U.S. Rep. Madison Cawthorn gave cousin $141K in campaign and taxpayer funds, records show

Records show U.S. Rep. Madison Cawthorn of North Carolina gave a close family member more than $141,000 since 2020. Their relationship is now drawing attention.

Posted Updated

Bryan Anderson
, WRAL state government reporter
RALEIGH, N.C. — A relative and close adviser to U.S. Rep. Madison Cawthorn has pocketed more than $141,000 from taxpayers and campaign donors since 2020, according to congressional and campaign payroll records.

The documents also show a roughly eight-month period during which the 26-year-old North Carolina congressman paid Stephen Smith, his second cousin, simultaneously from Cawthorn’s congressional office and campaign. The payments were addressed to Smith at a Hendersonville address. The address matches that of Cawthorn's, state voter registration records show.

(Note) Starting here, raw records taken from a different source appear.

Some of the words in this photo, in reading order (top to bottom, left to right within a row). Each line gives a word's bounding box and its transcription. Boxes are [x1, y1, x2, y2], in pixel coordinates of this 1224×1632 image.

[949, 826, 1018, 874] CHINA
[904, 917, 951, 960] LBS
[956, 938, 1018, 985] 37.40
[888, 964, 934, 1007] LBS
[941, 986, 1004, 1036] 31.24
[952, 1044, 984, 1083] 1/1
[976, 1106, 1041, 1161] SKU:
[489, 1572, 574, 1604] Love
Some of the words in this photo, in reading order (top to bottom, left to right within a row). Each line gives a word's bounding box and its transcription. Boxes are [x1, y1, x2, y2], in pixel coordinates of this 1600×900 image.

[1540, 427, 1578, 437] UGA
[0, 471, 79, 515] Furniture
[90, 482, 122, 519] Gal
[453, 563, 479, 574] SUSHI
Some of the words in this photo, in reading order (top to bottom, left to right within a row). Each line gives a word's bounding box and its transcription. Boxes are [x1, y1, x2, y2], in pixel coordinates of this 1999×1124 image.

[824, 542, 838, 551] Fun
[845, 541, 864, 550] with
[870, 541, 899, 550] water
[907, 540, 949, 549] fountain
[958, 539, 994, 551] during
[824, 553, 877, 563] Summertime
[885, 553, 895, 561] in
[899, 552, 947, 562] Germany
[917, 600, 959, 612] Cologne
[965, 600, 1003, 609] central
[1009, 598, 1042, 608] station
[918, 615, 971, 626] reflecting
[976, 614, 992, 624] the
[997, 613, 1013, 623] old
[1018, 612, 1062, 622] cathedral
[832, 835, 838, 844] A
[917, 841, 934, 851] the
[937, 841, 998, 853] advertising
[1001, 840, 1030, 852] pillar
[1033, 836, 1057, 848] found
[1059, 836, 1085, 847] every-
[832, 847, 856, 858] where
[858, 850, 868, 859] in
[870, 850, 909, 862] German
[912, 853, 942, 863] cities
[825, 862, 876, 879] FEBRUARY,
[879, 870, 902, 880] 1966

U.S. House members are prohibited from hiring immediate family members, such as first cousins. But the requirement doesn’t extend to second cousins. Nonetheless, the payments sharpen the focus on the nature of the relationship between Cawthorn and Smith and raise questions from political observers about the perception of family self-dealing.

Luke Ball, a spokesman for Cawthorn, didn’t respond to questions about the congressman's relationship with Smith.

Early Saturday, Cawthorn on Twitter said the media "attacked my scheduler for making a salary" and accused reporters of trying "to annihilate my political career."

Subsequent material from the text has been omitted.